- Material supplied:

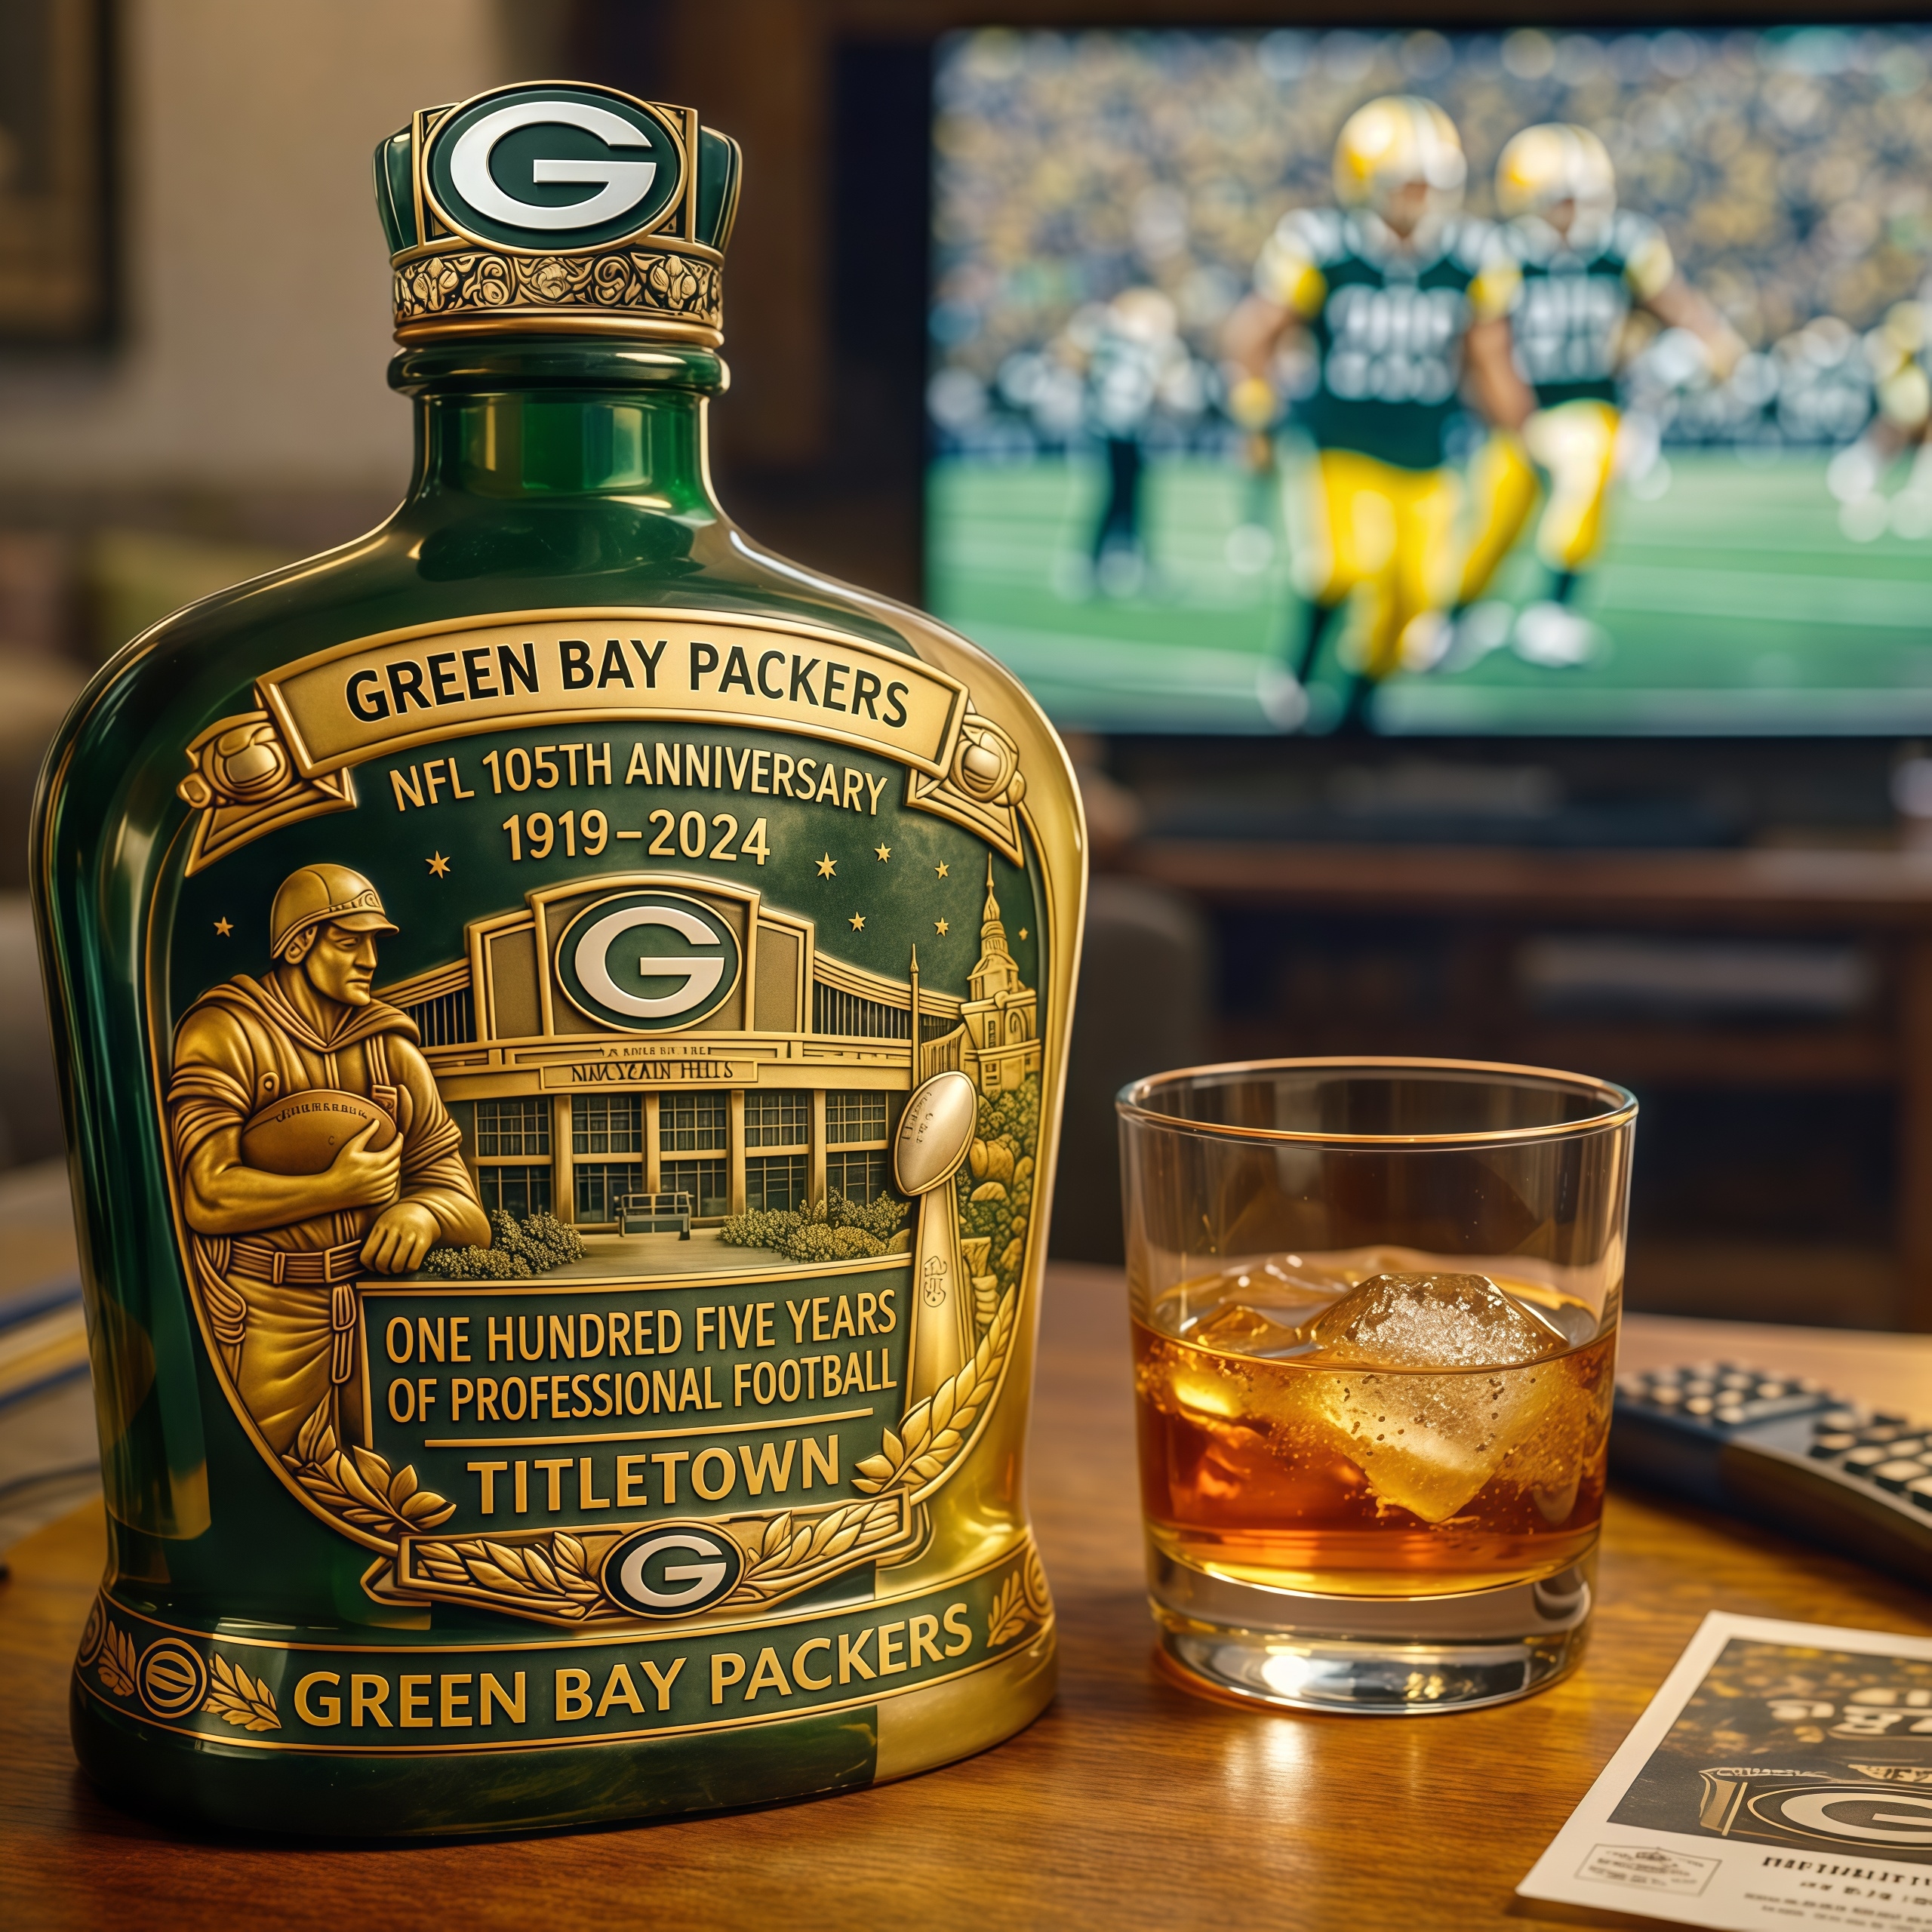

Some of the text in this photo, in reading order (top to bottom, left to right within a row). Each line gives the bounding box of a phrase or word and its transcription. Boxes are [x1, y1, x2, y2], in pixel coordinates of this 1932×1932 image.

[450, 100, 657, 229] G
[346, 639, 909, 728] GREEN BAY PACKERS
[389, 742, 888, 815] NFL 105TH ANNIVERSARY
[575, 906, 724, 1018] G
[386, 1288, 897, 1364] ONE HUNDRED FIVE YEARS
[388, 1348, 897, 1423] OF PROFESSIONAL FOOTBALL
[466, 1434, 839, 1514] TITLETOWN
[620, 1534, 727, 1607] G
[294, 1603, 973, 1727] GREEN BAY PACKERS
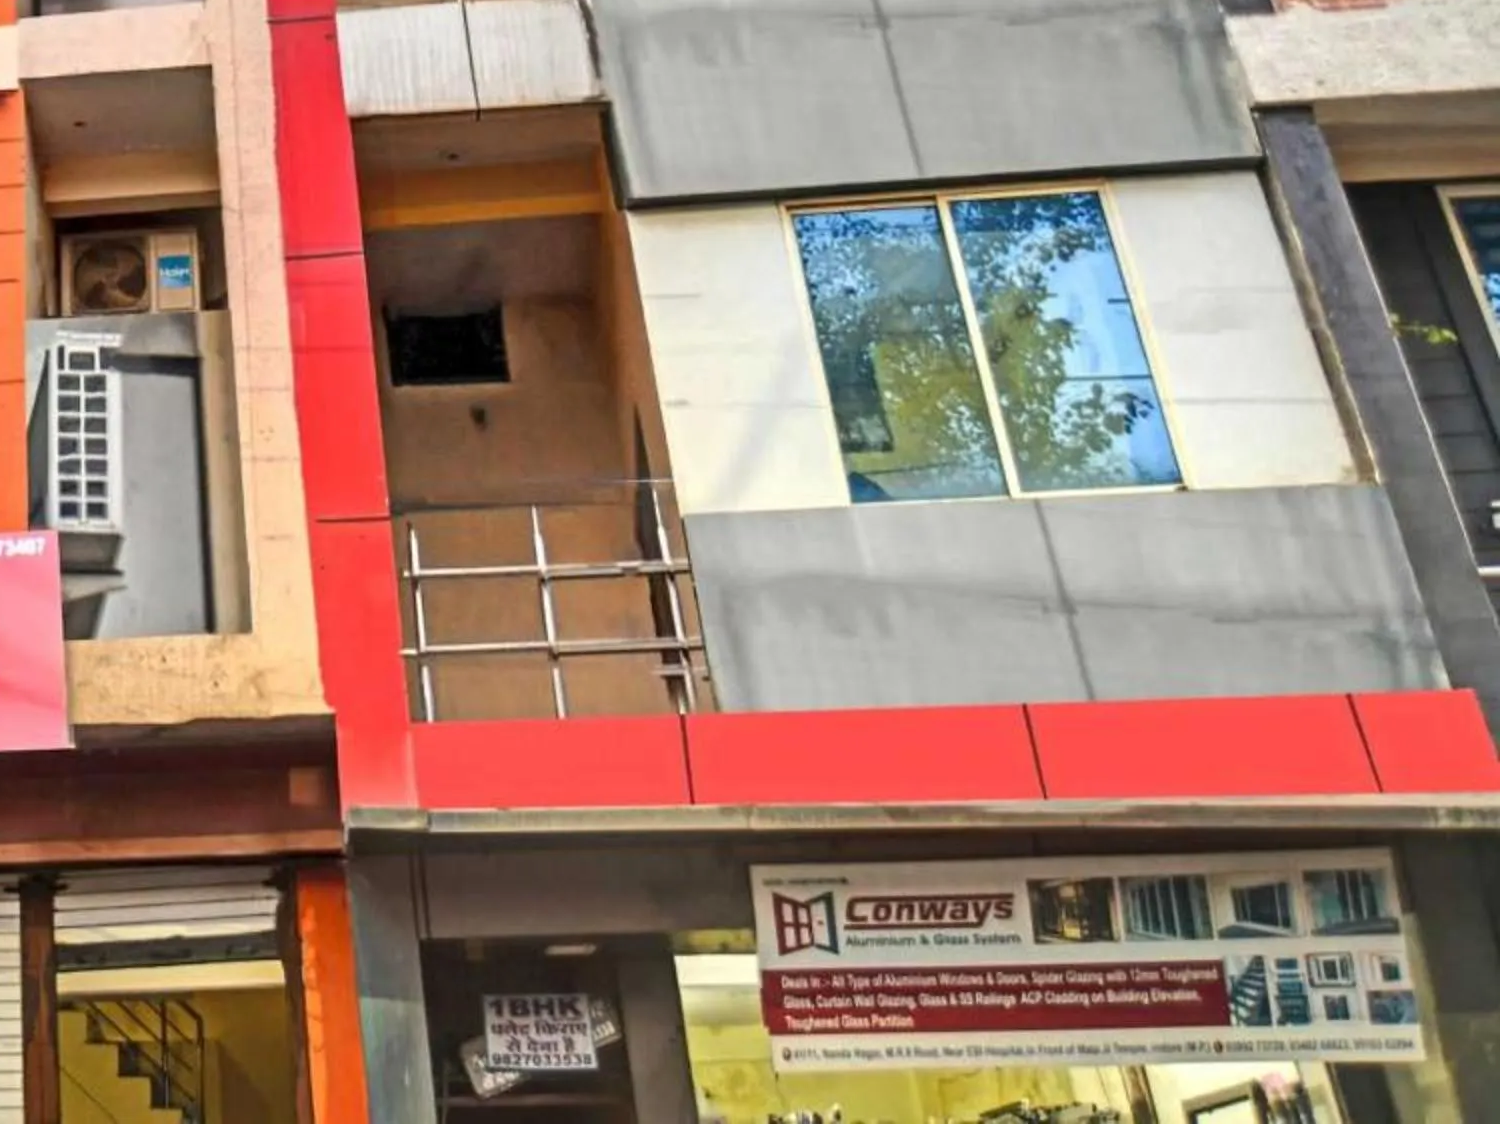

- Exercise instructions:
Return every line above word for word, minus images.

- Solution to the exercise:
Some of the text in this photo, in reading order (top to bottom, left to right within a row). Each line gives the bounding box of a phrase or word and its transcription. Boxes are [x1, y1, x2, y2], in pixel coordinates of this 1932×1932 image.

[450, 100, 657, 229] G
[346, 639, 909, 728] GREEN BAY PACKERS
[389, 742, 888, 815] NFL 105TH ANNIVERSARY
[575, 906, 724, 1018] G
[386, 1288, 897, 1364] ONE HUNDRED FIVE YEARS
[388, 1348, 897, 1423] OF PROFESSIONAL FOOTBALL
[466, 1434, 839, 1514] TITLETOWN
[620, 1534, 727, 1607] G
[294, 1603, 973, 1727] GREEN BAY PACKERS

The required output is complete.